Records for this exercise:

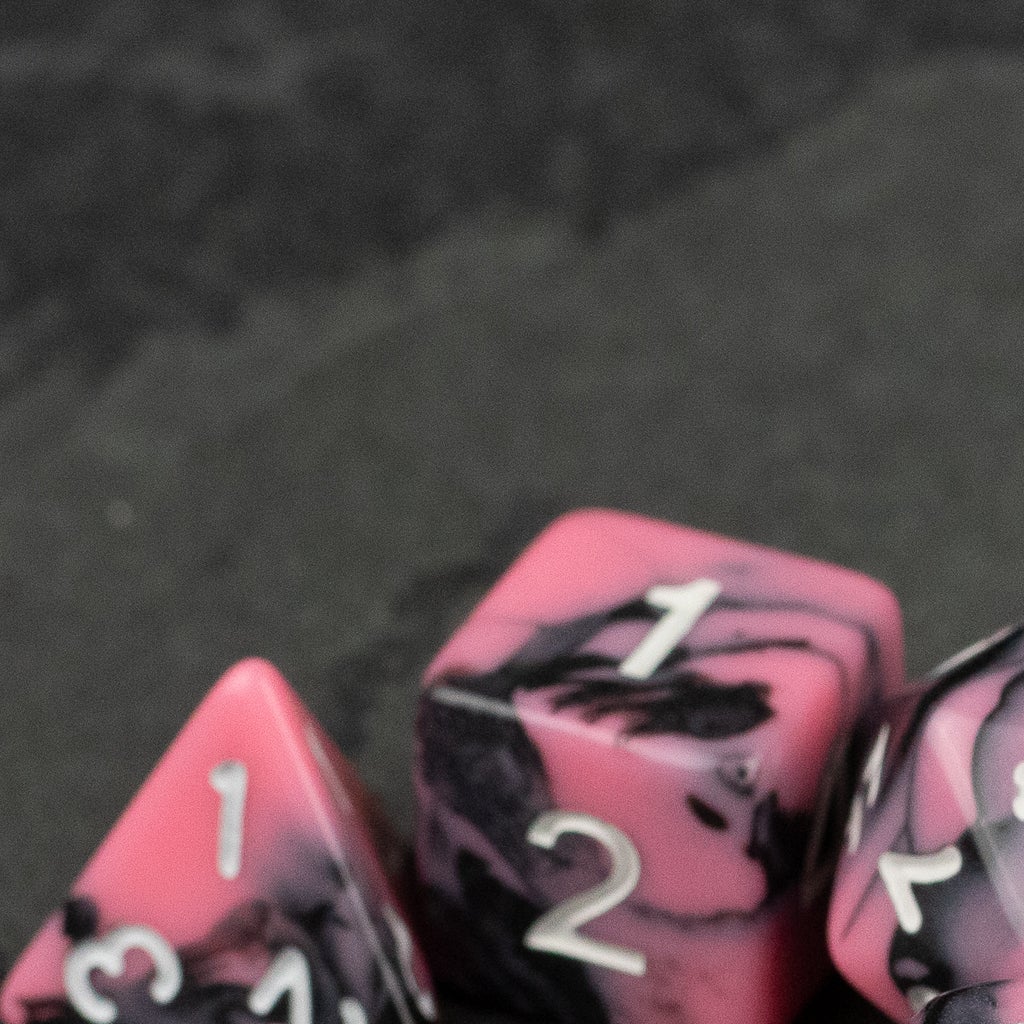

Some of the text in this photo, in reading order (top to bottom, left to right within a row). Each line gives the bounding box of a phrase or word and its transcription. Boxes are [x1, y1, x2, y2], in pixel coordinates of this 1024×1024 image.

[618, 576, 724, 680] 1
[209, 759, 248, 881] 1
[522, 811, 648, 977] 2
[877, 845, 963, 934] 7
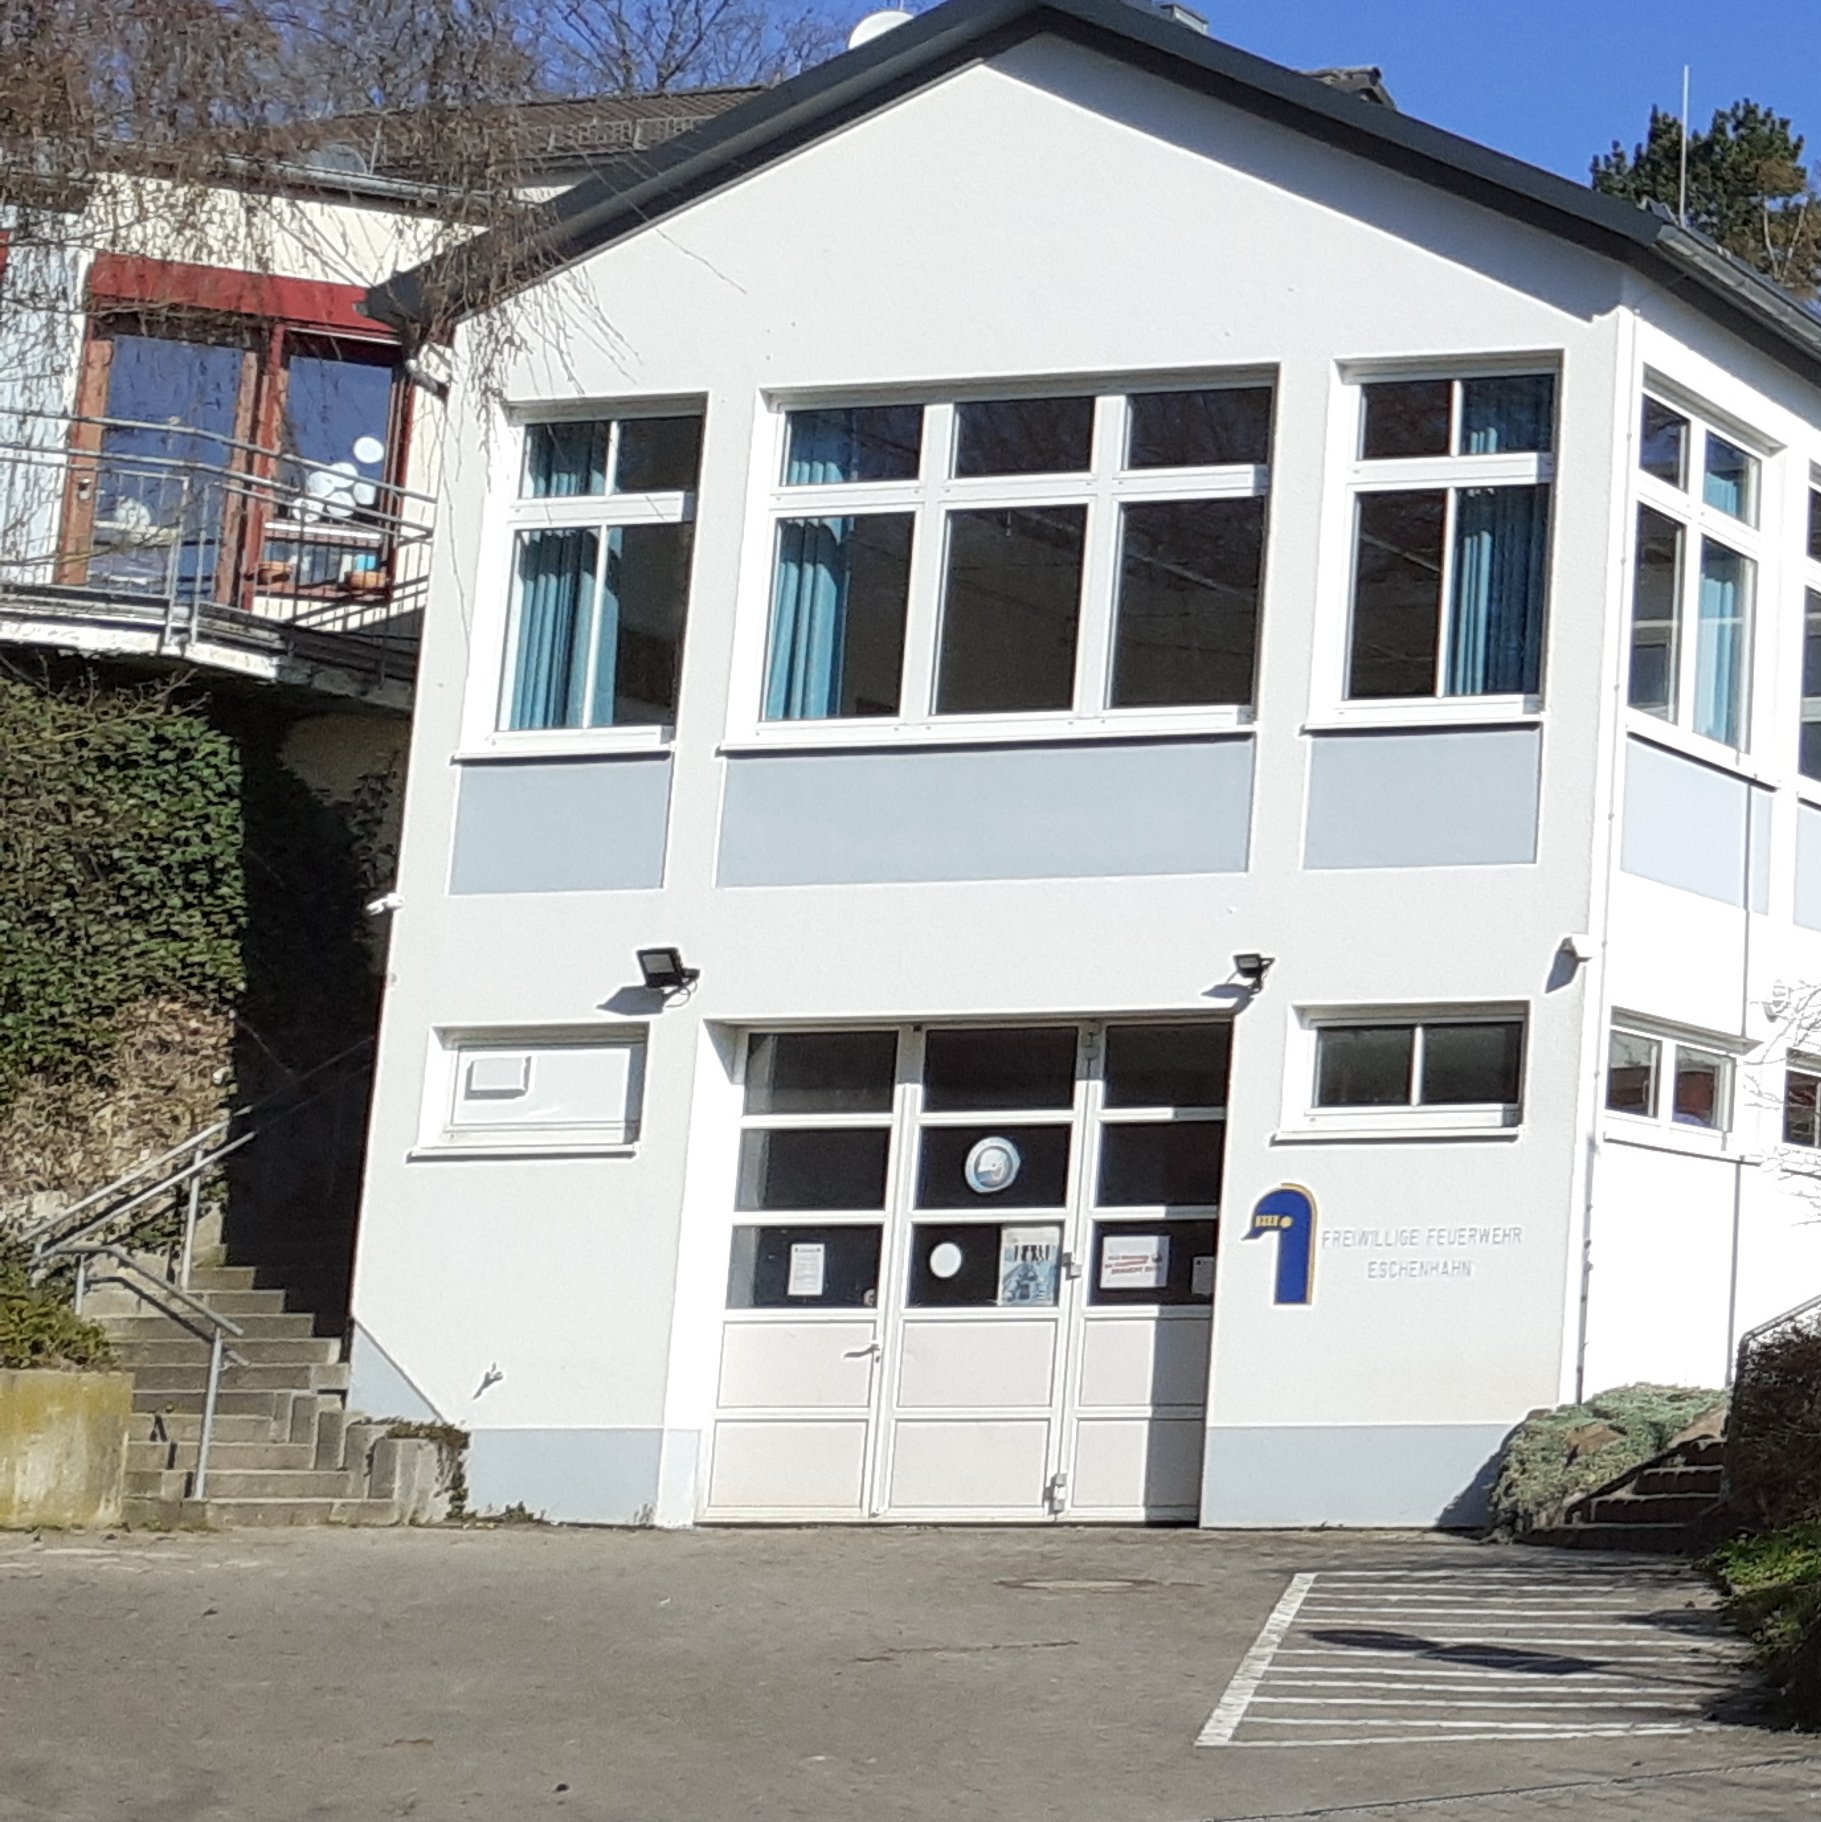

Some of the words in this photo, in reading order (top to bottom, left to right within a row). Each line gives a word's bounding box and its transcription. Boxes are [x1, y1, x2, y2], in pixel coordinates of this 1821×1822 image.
---
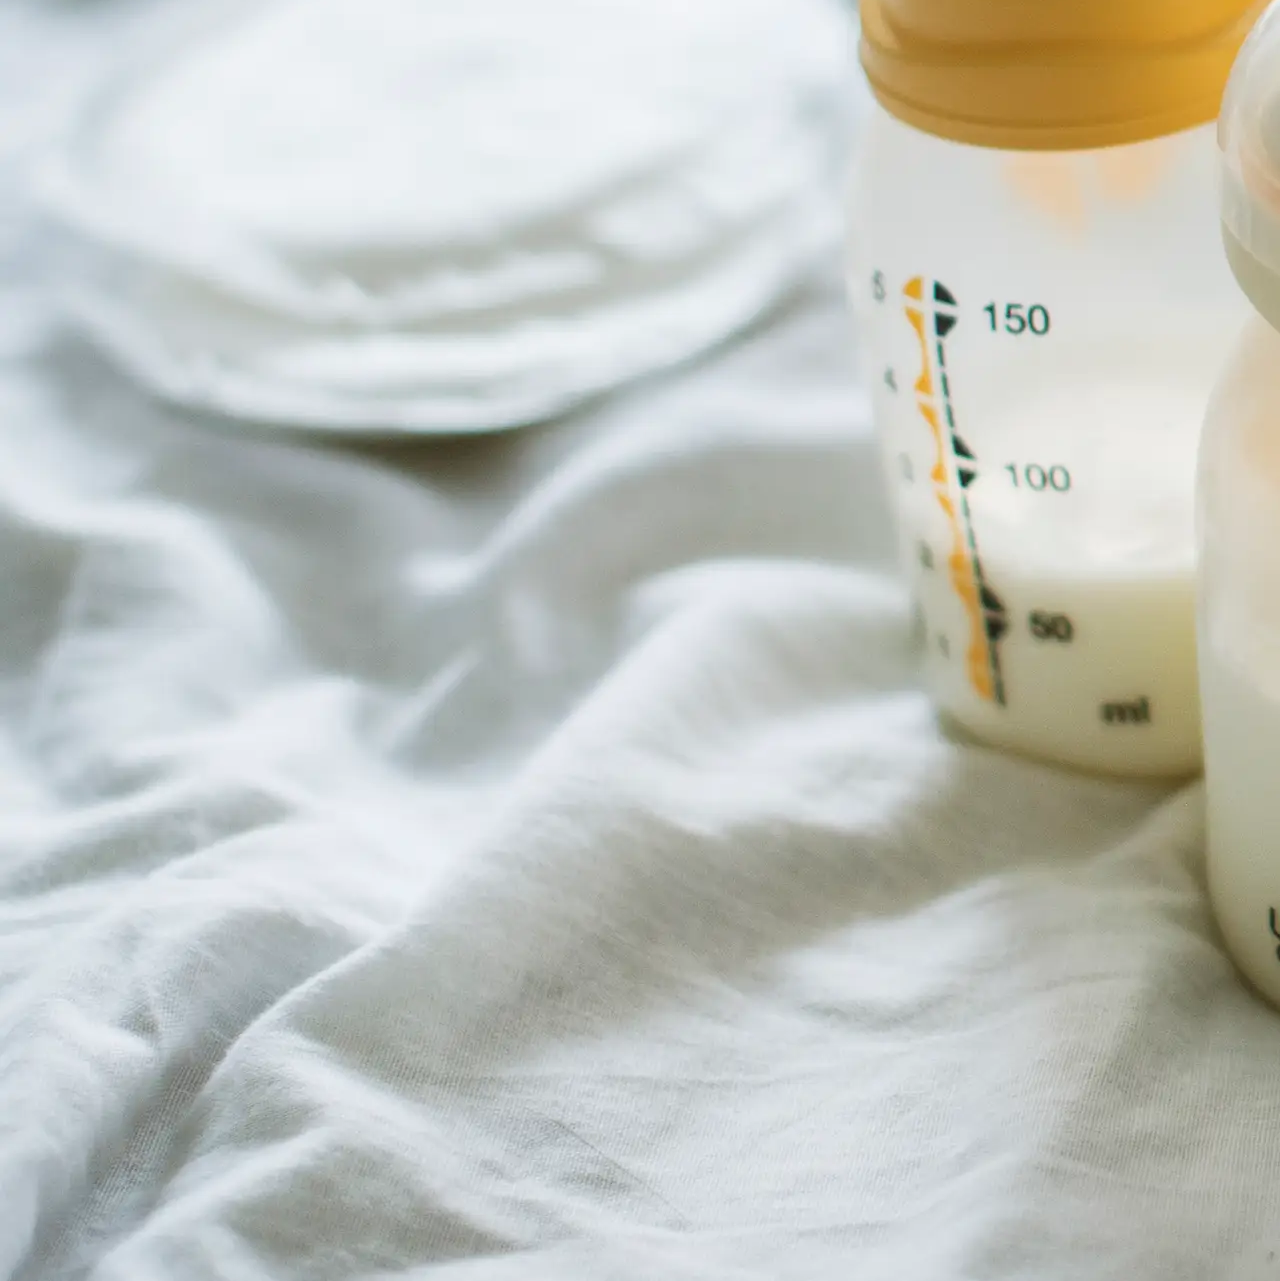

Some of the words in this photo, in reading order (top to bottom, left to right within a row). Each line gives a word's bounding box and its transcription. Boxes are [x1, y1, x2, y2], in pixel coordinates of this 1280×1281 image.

Goal of the exercise: If a line in the material contains "words", show it.

Worked solution:
Some of the words in this photo, in reading order (top to bottom, left to right within a row). Each line gives a word's bounding box and its transcription. Boxes are [x1, y1, x2, y2], in pixel coordinates of this 1821×1822 image.
Some of the words in this photo, in reading order (top to bottom, left to right within a row). Each line gives a word's bounding box and its transcription. Boxes are [x1, y1, x2, y2], in pixel coordinates of this 1280×1281 image.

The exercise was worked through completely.